> Assignment
Copy task for the material below: print the line with "this 1200×1600 image." and every line after it to the end, exactly as written, without the pictures.

> Provided records
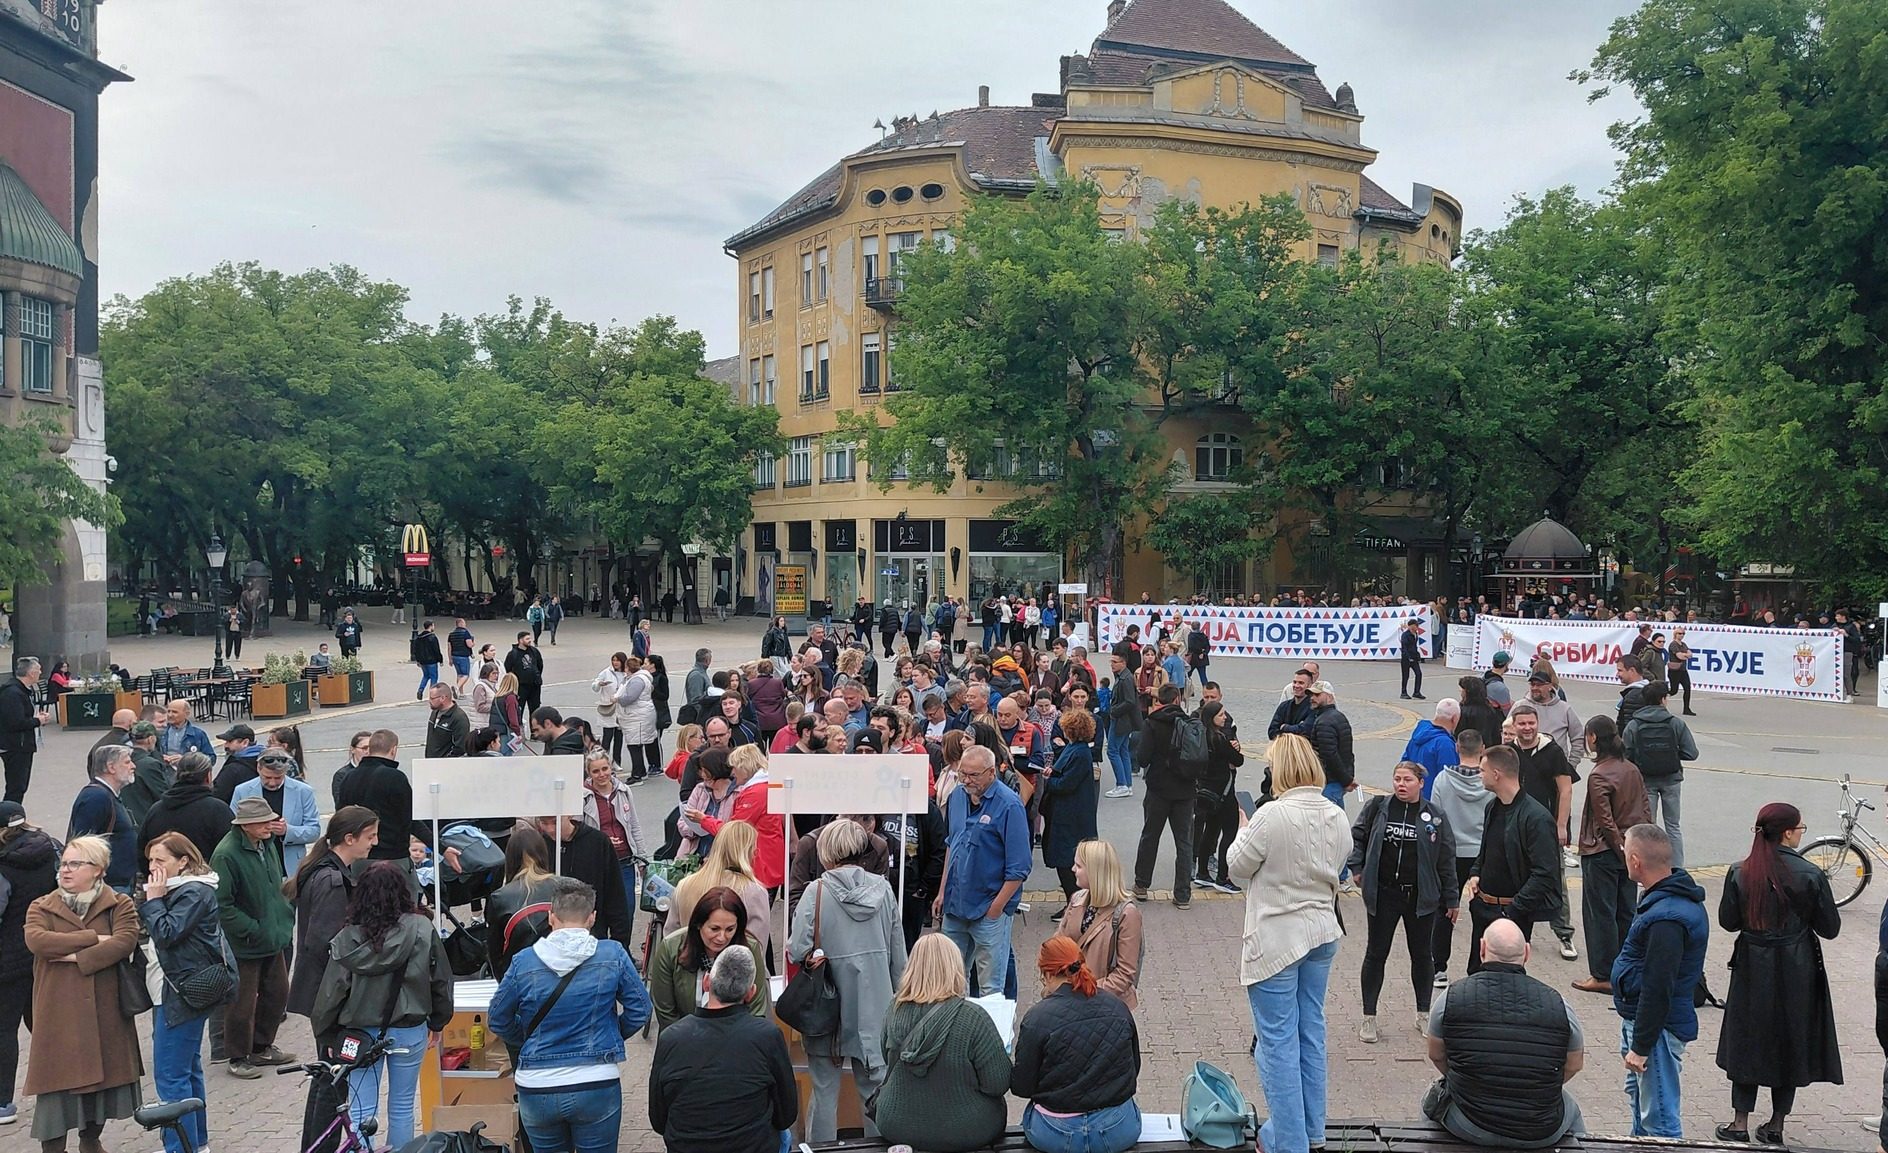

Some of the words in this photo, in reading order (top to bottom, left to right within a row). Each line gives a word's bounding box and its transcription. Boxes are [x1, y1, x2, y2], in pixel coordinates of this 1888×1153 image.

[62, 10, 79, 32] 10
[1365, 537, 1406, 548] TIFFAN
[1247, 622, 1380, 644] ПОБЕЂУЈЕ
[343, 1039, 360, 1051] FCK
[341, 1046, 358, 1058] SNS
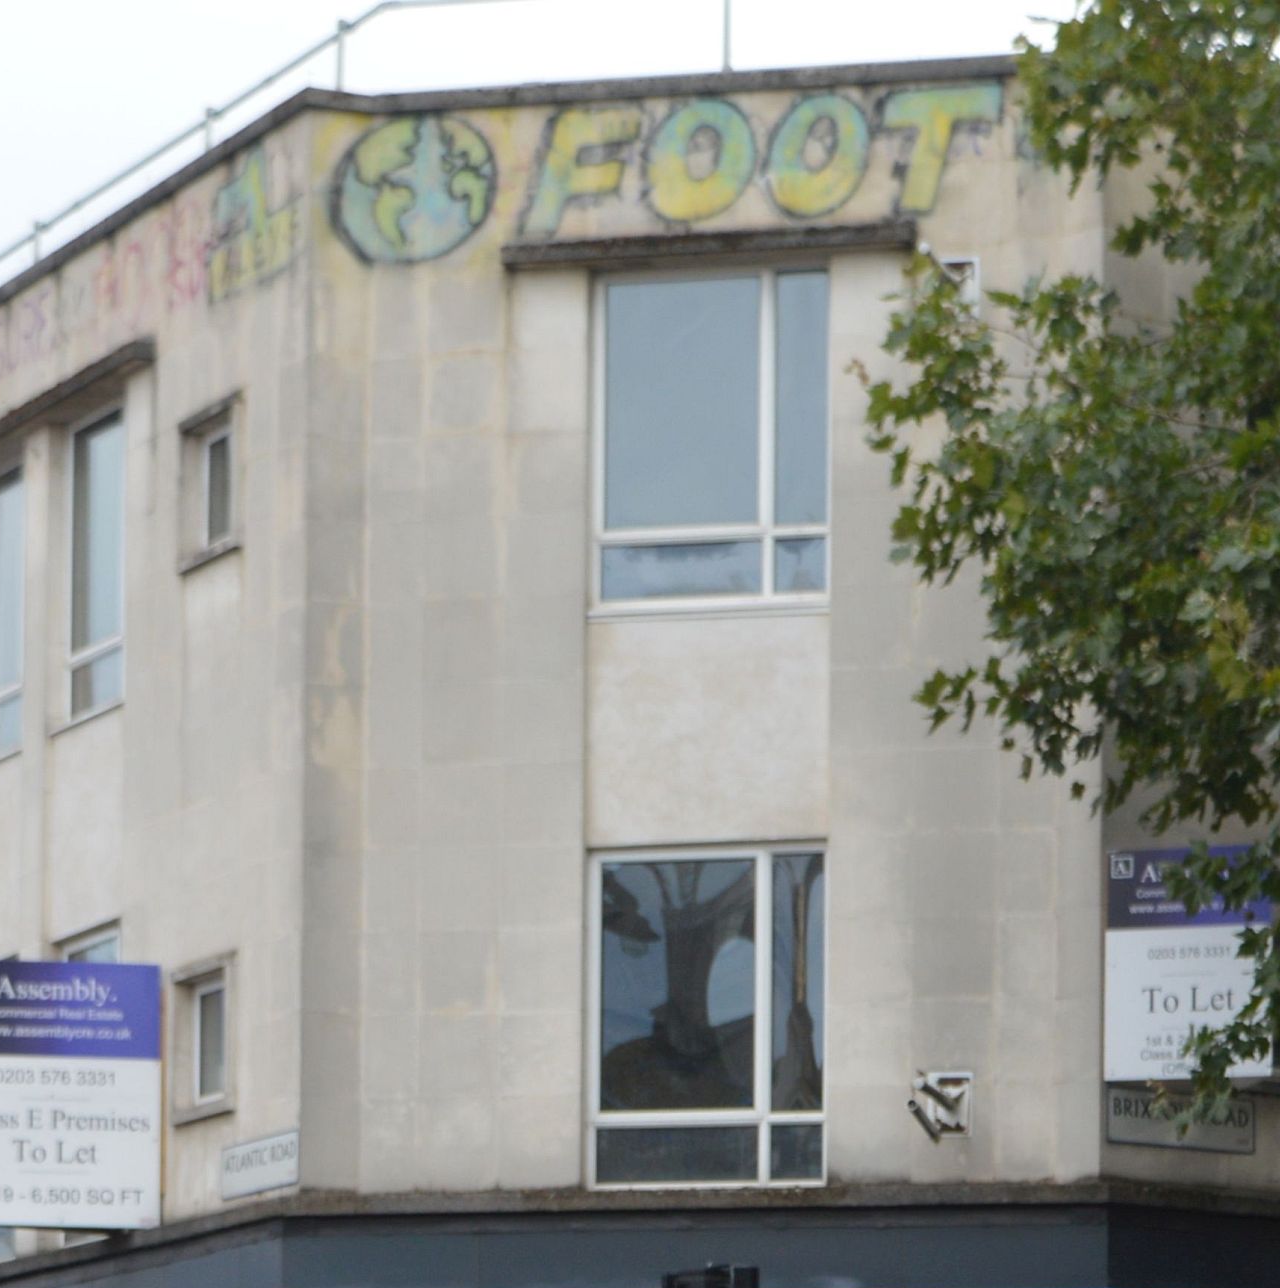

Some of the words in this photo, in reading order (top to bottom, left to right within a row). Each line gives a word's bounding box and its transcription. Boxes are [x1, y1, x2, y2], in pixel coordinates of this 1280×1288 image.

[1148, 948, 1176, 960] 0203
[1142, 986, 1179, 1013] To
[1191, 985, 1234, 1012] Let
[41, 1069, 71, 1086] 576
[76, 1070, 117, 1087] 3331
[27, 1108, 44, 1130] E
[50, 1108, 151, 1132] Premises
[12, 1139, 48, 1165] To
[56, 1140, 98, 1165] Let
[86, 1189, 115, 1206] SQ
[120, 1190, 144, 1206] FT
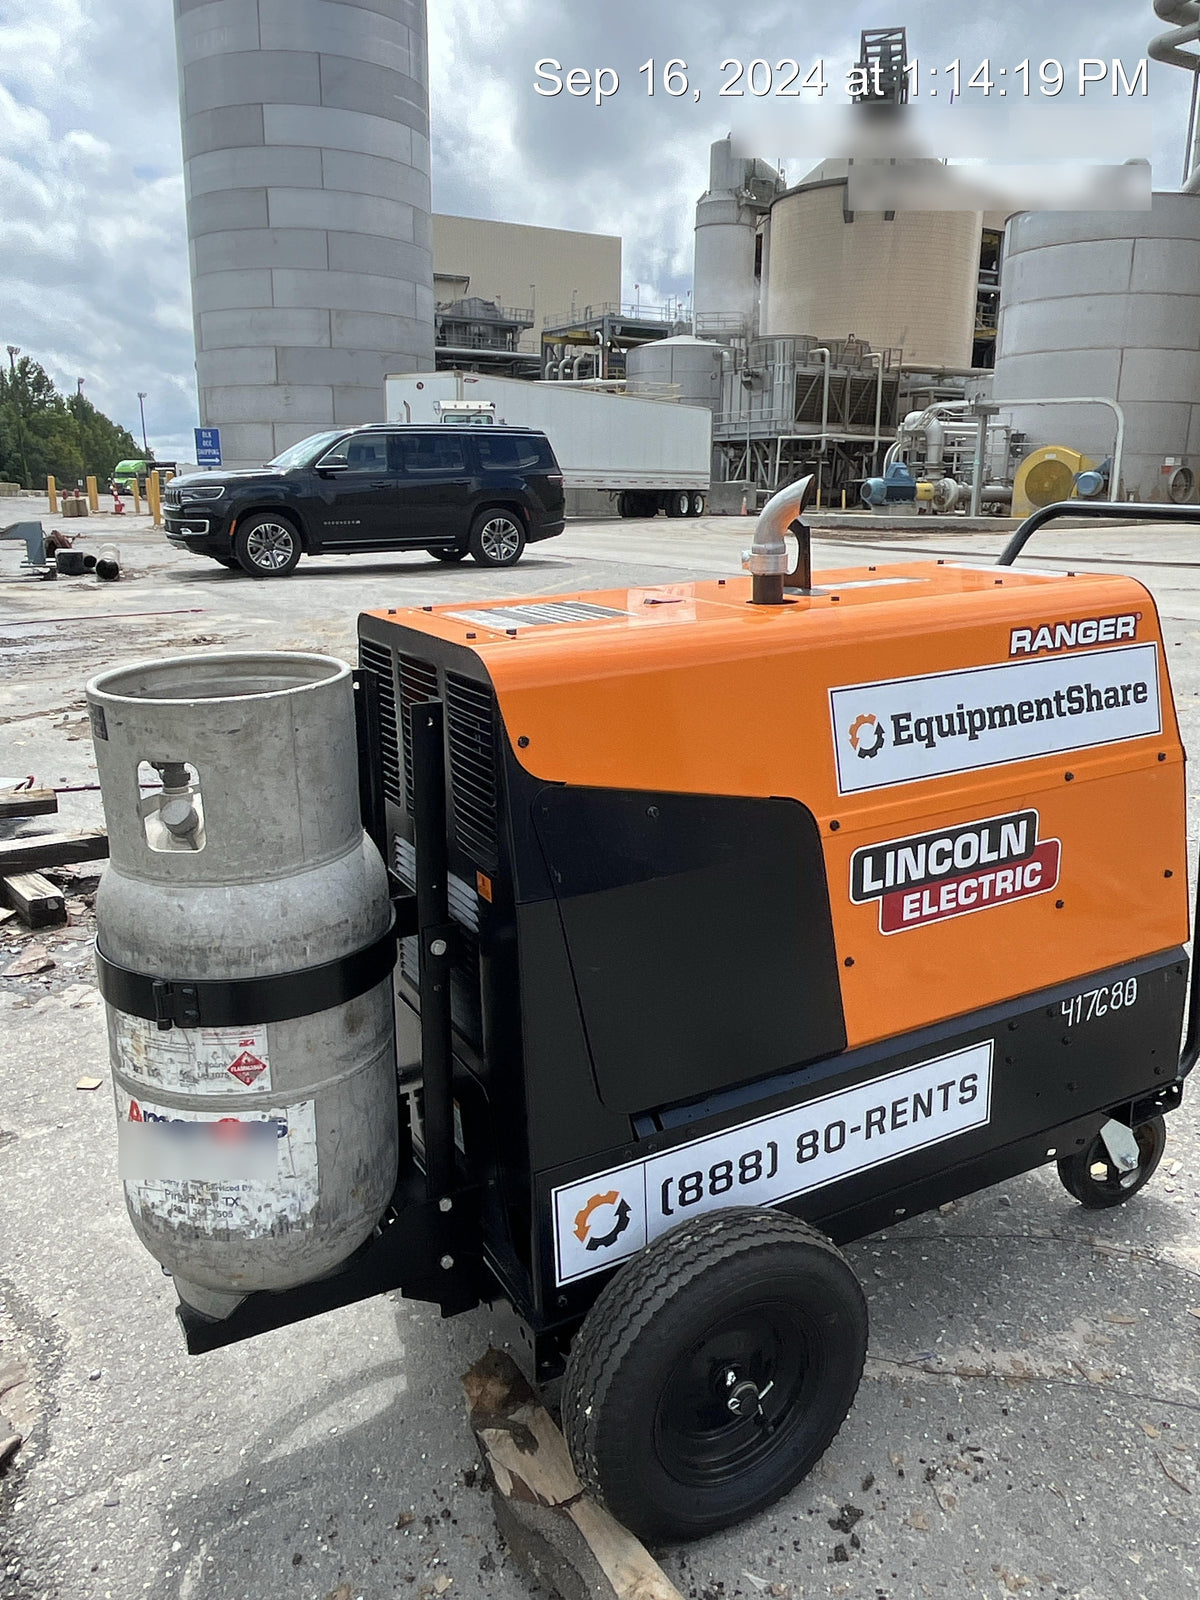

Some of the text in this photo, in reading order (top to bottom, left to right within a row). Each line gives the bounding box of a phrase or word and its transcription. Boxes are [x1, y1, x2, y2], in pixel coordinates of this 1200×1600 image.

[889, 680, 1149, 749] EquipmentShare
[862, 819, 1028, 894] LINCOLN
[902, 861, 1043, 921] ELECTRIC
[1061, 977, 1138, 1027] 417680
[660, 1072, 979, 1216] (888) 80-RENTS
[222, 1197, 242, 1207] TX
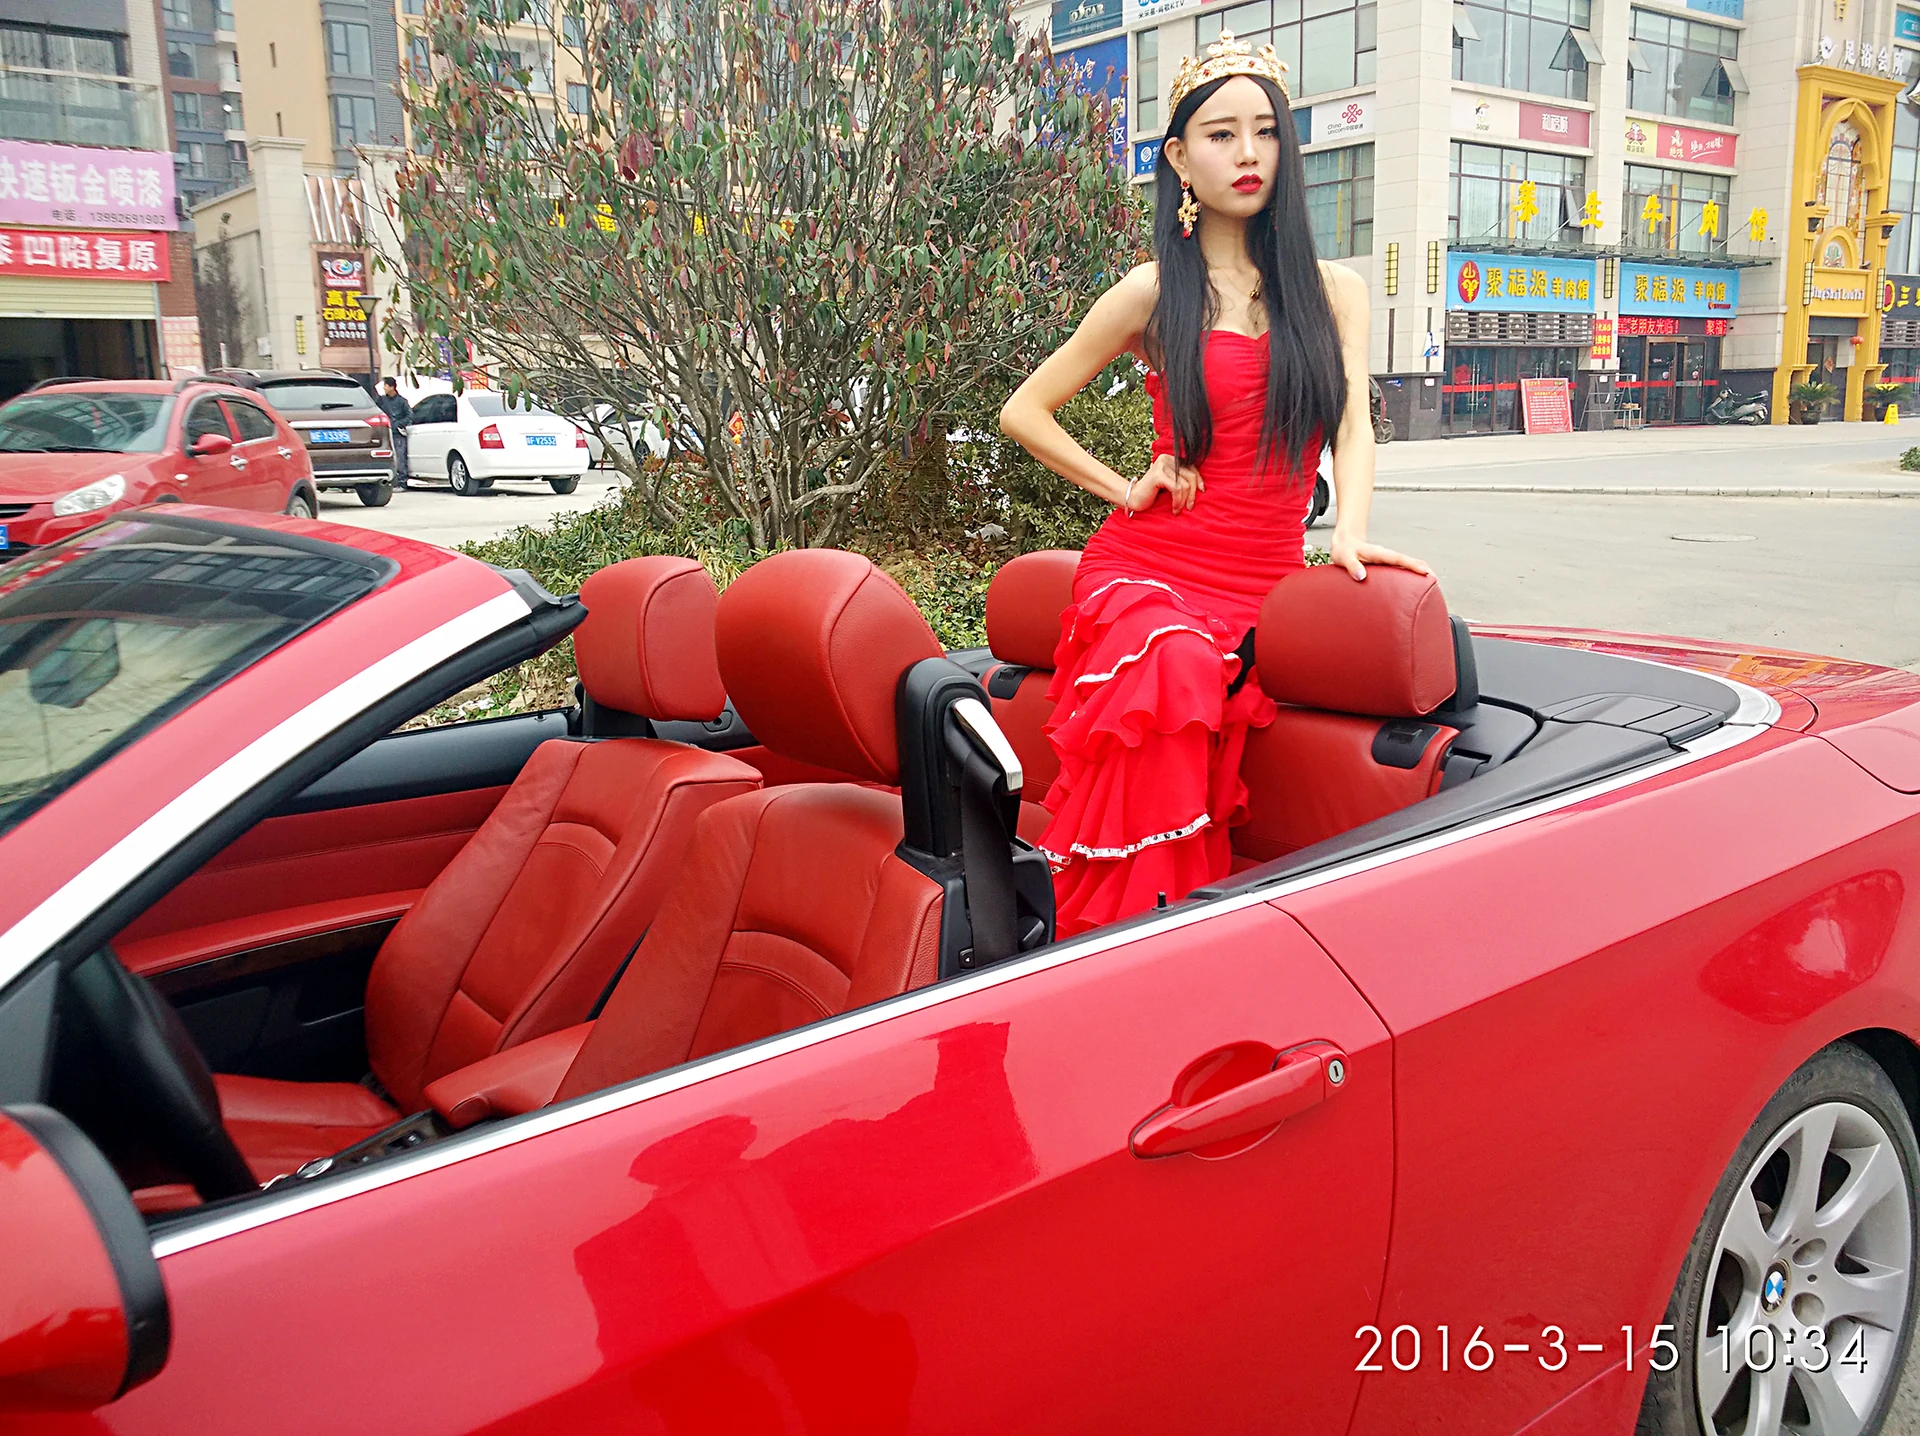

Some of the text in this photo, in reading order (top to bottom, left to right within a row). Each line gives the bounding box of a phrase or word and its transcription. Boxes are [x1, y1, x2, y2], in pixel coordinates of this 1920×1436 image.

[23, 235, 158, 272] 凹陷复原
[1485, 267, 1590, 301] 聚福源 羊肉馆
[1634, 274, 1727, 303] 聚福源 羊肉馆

> Result for this task
Some of the text in this photo, in reading order (top to bottom, left to right within a row). Each line gives the bounding box of a phrase or word and its transcription. Boxes are [x1, y1, x2, y2], in pixel coordinates of this 1200×1600 image.

[889, 680, 1149, 749] EquipmentShare
[862, 819, 1028, 894] LINCOLN
[902, 861, 1043, 921] ELECTRIC
[1061, 977, 1138, 1027] 417680
[660, 1072, 979, 1216] (888) 80-RENTS
[222, 1197, 242, 1207] TX

Some of the text in this photo, in reading order (top to bottom, left to right within a row). Each line gives the bounding box of a phrase or word and its transcription. Boxes are [x1, y1, x2, y2], in pixel coordinates of this 1920×1436 image.

[23, 235, 158, 272] 凹陷复原
[1485, 267, 1590, 301] 聚福源 羊肉馆
[1634, 274, 1727, 303] 聚福源 羊肉馆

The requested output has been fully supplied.